With the declaration, Village Board meetings will be held remotely, starting with a meeting scheduled Monday night.

The announcement comes after two Broadview police officers were injured in a skirmish Friday during a protest outside the U.S. Immigration and Customs processing center in Broadview that resulted in 21 arrests.

According to the village’s release, Broadview received a bomb threat against its municipal building over the phone Sept. 4. A month and a half later, the village further stated, a death threat was made against Thompson on Oct. 13. The FBI has been notified of the threat against Thompson, the village said.

In response to questions about the reported threat, a spokesperson for the FBI’s Chicago field office wrote in an emailed statement to the Tribune, “While Department of Justice policy prevents the FBI from commenting on the nature of investigations that may or may not be occurring, we take all potential threats seriously.”

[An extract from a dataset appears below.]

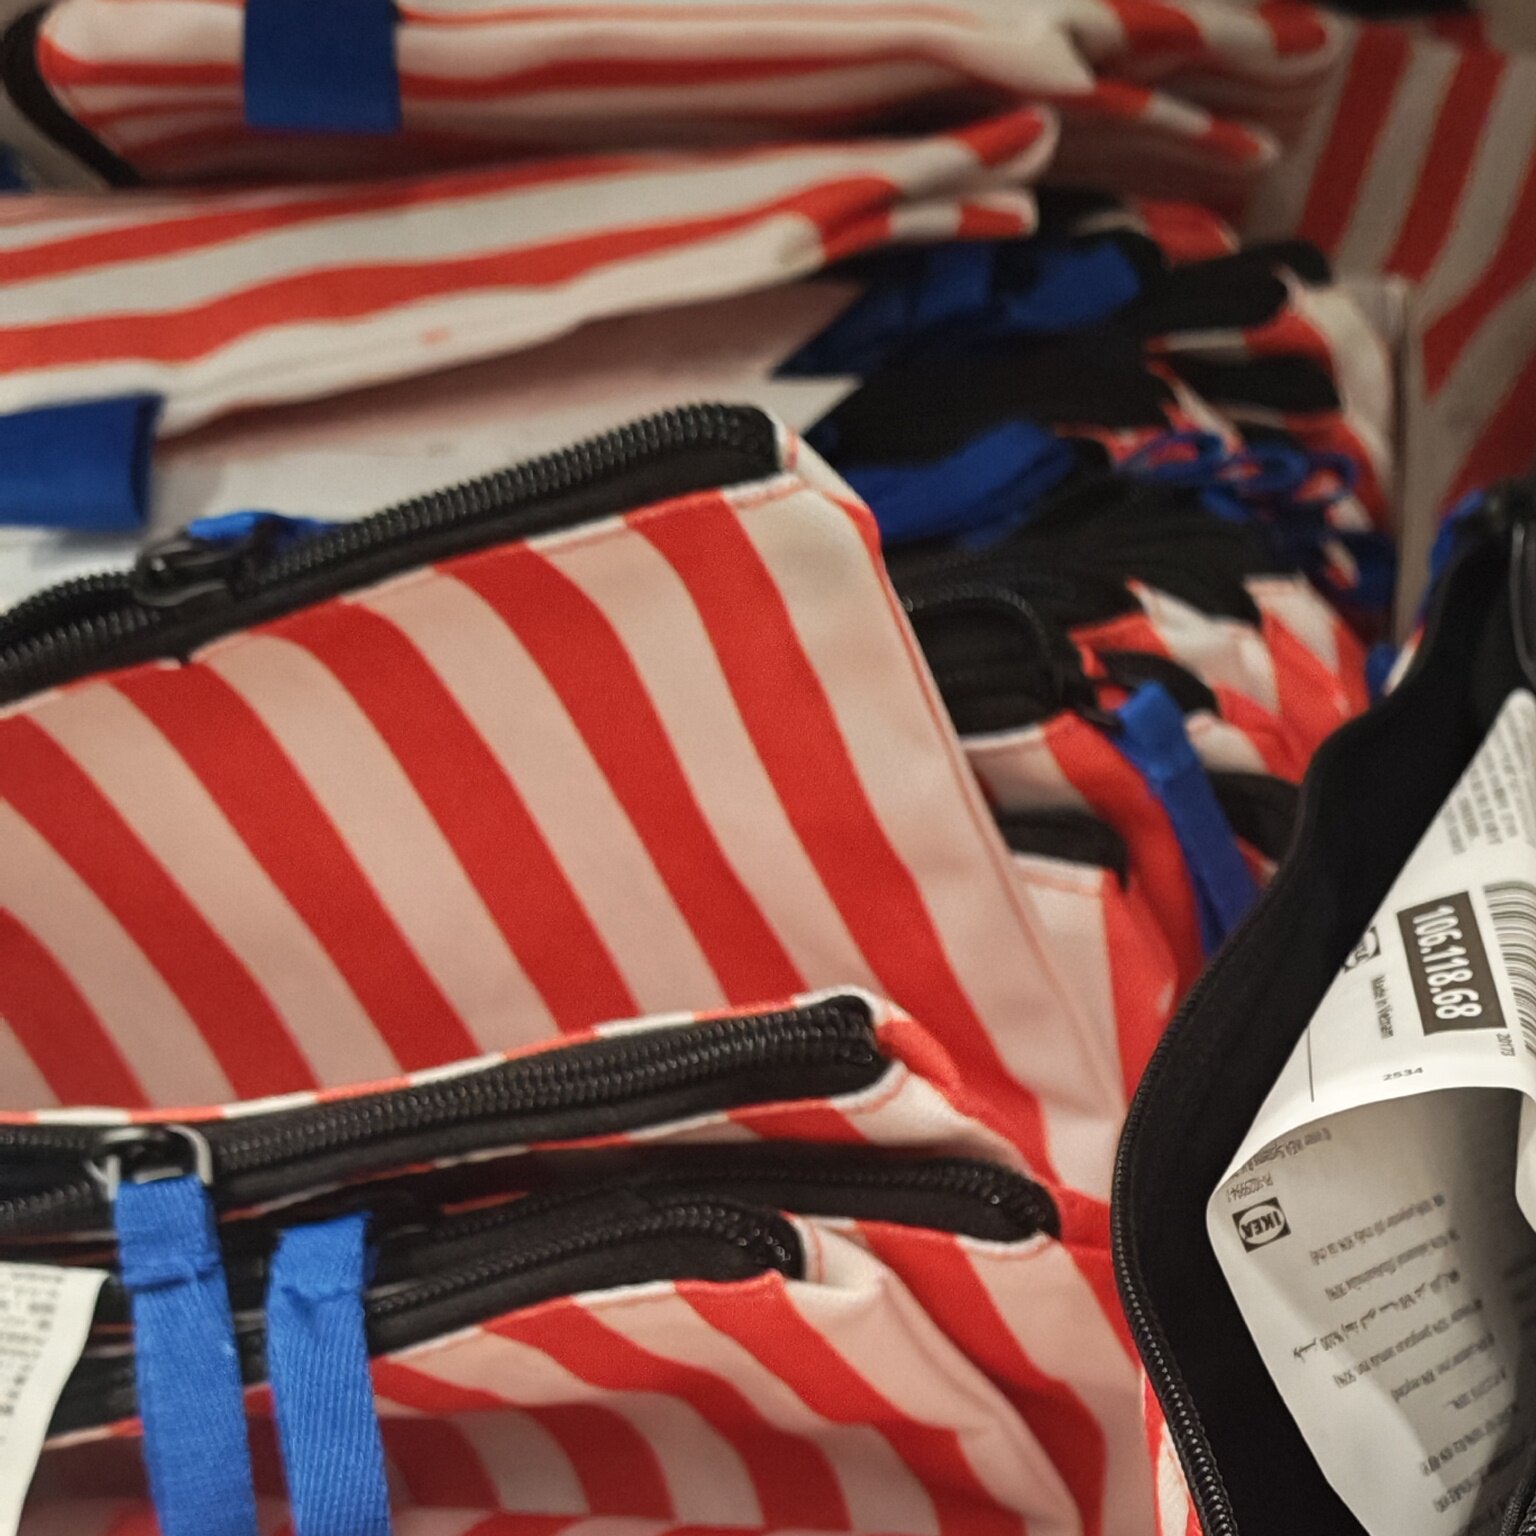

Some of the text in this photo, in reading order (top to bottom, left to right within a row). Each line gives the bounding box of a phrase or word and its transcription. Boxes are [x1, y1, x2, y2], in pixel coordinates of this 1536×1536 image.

Threats further escalated over the weekend after a group of “out-of-town protesters, non-Broadview residents, attempted to storm Village Hall and explicitly threatened to ‘shut down’” Monday’s board meeting, the village’s release said, citing the Broadview Police Department.

Officers face protesters after 21 people were arrested earlier in the day at the U.S. Immigration and Customs Enforcement holding facility in Broadview on Nov. 14, 2025. Two Broadview police officers were injured in the skirmish Friday. (Armando L. Sanchez/Chicago Tribune)
Officers face protesters after 21 people were arrested earlier in the day at the U.S. Immigration and Customs Enforcement holding facility in Broadview on Nov. 14, 2025. Two Broadview police officers were injured in the skirmish Friday. (Armando L. Sanchez/Chicago Tribune)

“Since ICE’s Midway Blitz and the subsequent, intensifying protests began, the serious and credible bomb and death threats and the threat to disrupt village government has left me with no alternative but to declare a civil emergency in Broadview,” Thompson said in a statement.

Since the launch of Operation Midway Blitz, which sources said last week could be winding down, protesters have held near-daily demonstrations at Broadview’s ICE processing center, thrusting the tiny suburb into the national spotlight. In the wake of Friday’s protest, during which one Illinois State Police trooper and a Cook County sheriff’s deputy were also hurt, Thompson in a statement, called the injuries to officers “outrageous.”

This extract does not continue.